I had shot well the first day, and to several people’s surprise, mostly my own I had placed in the top 5 only 3 points away from second place. The elimination matches had started early with number one being knocked out by a nobody from Taupo. “Anything could happen in matchplay.” The few spectators had told me. And anything did. The large warehouse was empty at one end save the two separated target butts, the little targets looked ten times tinier than normal, dull against the dark black stands. The spectators stood and sat around, most of them intently watching the Recurve Woman’s Gold medal match for the Indoor Nationals. The commentator was pretending to be much more excited about archery than was realistically possible.

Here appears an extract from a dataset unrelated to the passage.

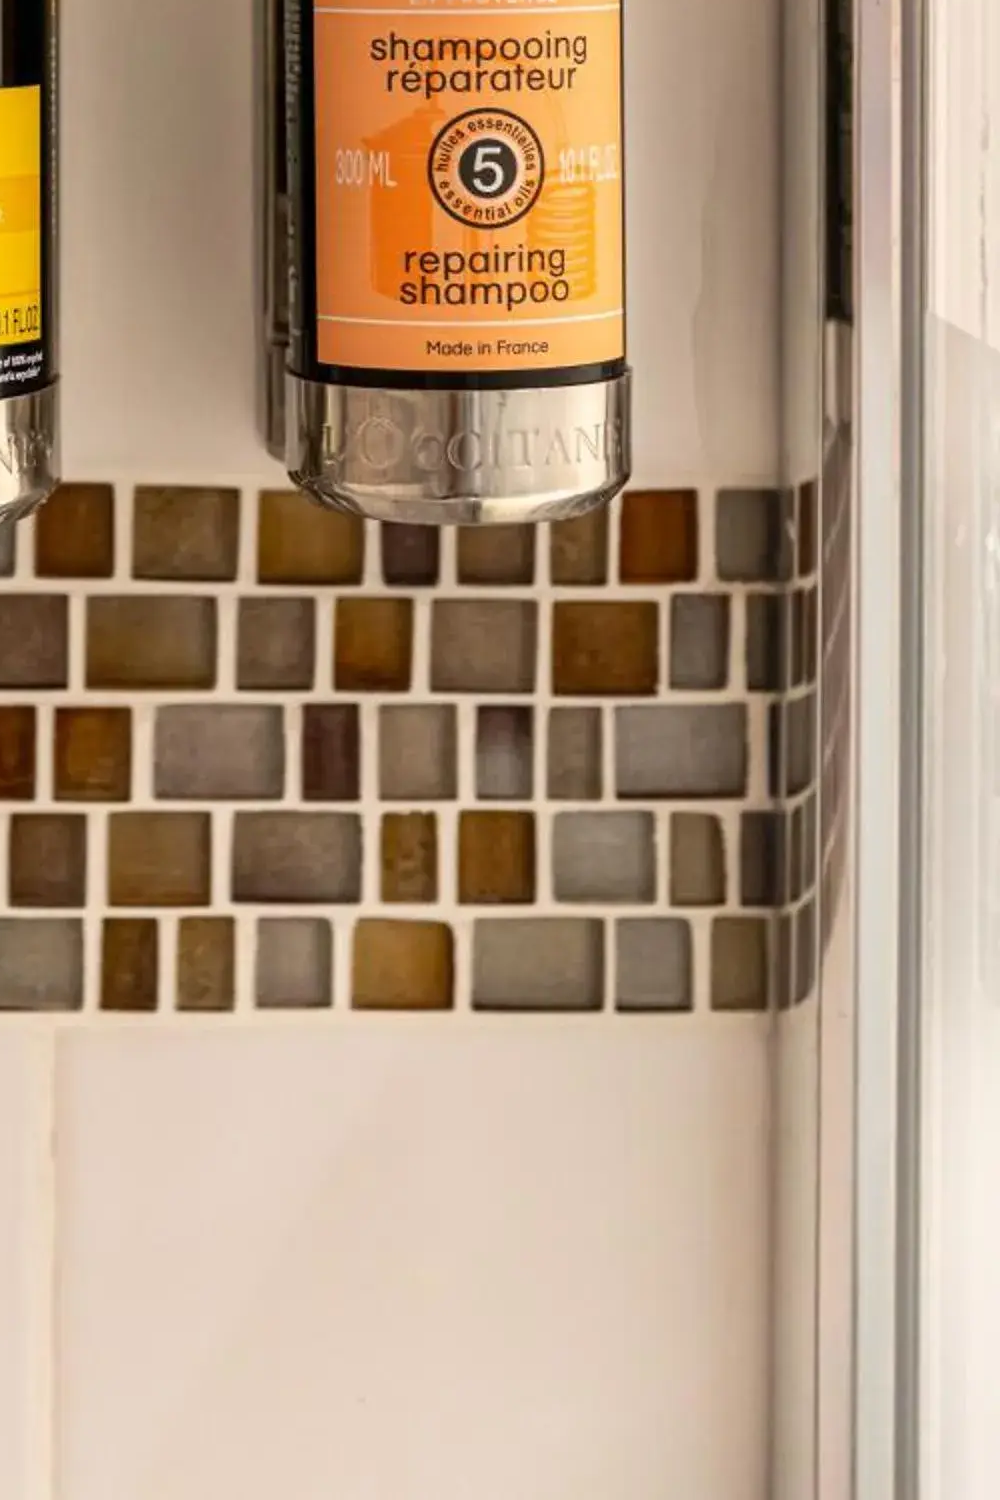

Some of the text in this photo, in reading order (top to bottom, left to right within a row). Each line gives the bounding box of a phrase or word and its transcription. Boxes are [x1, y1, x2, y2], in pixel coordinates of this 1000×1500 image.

“Ten from Cheree, and Rachel is drawing back to answer with… a 9. Cheree follows with another 9. 28 to 19, Rachel has to shoot a 9 to tie, or a 10 to win. She is coming up..” The crowd was hushed. A loud crack wrecked the air, as a portly man leaned back too far in the white plastic chair. I lost focus for a millisecond, my sight shaking around the gold. My shoulder was high, the tension lost in my back, this wasn’t going to be good.
“ohhh she lets down with 8 seconds on the clock, risky move. She’s coming up again, 3 seconds, and damn she shoots a 10! Right in the middle. The girl from Auckland takes it out.” Coming off the line shaking, I embraced my coach, barely hearing the commentator continuing to spout rubbish. The adrenaline was pumping, who knew such a calm sport could give such a hit?
Similar adrenaline continued to keep the inevitable pain away, somehow I wasn’t worried about getting out of the car. I was strangely calm, I didn’t believe in God, but I believed in second chances. The red seeping blood tricked like raindrops down a glass pane into a sea of red. I tried to wipe some of the blood off what was left of the window, as I drew my arm away the redness was thicker. Deserted on that lonely road, an inch at a time; I crawled through the window. The knowledge that I shouldn’t be alive sending shock waves of adrenaline. Looking back I can’t remember making it from the window to the grassy bank, I just know that the wreck was before me, wrapped in the tree, metal and wood becoming a single pile of junk. It was ok; I was ok. It was only money; I could get a new car. The air felt so good, the smell of burnt rubber only made the soft caress of the cool wind seem more invigorating. It was like I was high, high on life for the first time. I could feel the tears on my cheeks, the last few minutes had gone by so slowly each second turning into an hour. My eyes were transfixed by the car, but instead of terror I felt angry. The anger continued to build. How could I let a shitty job take over my life like this? I was letting the bar take my life away from me. I didn’t want to hide behind the bar, like a coward. I wanted to change, right that second. I would quit my job. I’m going to do it. I’m going to be good at something for once. Not just good, but amazing. I’m going to shoot. The idea of being scared because someone else was watching seemed ludicrous at that moment. I sat down on the bank, the wet grass soaking into my pants as the rain fell, just past the corner that I hadn’t even begun to slow down for. My body was shaking, emotions coursing through me. It was such an odd time to think about my sport, but despite the pain, I was oddly removed, smiling at my first near death experience. I pushed the hair out of my eyes, only to have it stay exactly where it was. I tried again, pausing to look down at my shooting arm, the absence of pain in my fingertips finally sinking in. My head the clearest it had been that night. Shit. I can’t move my fingers.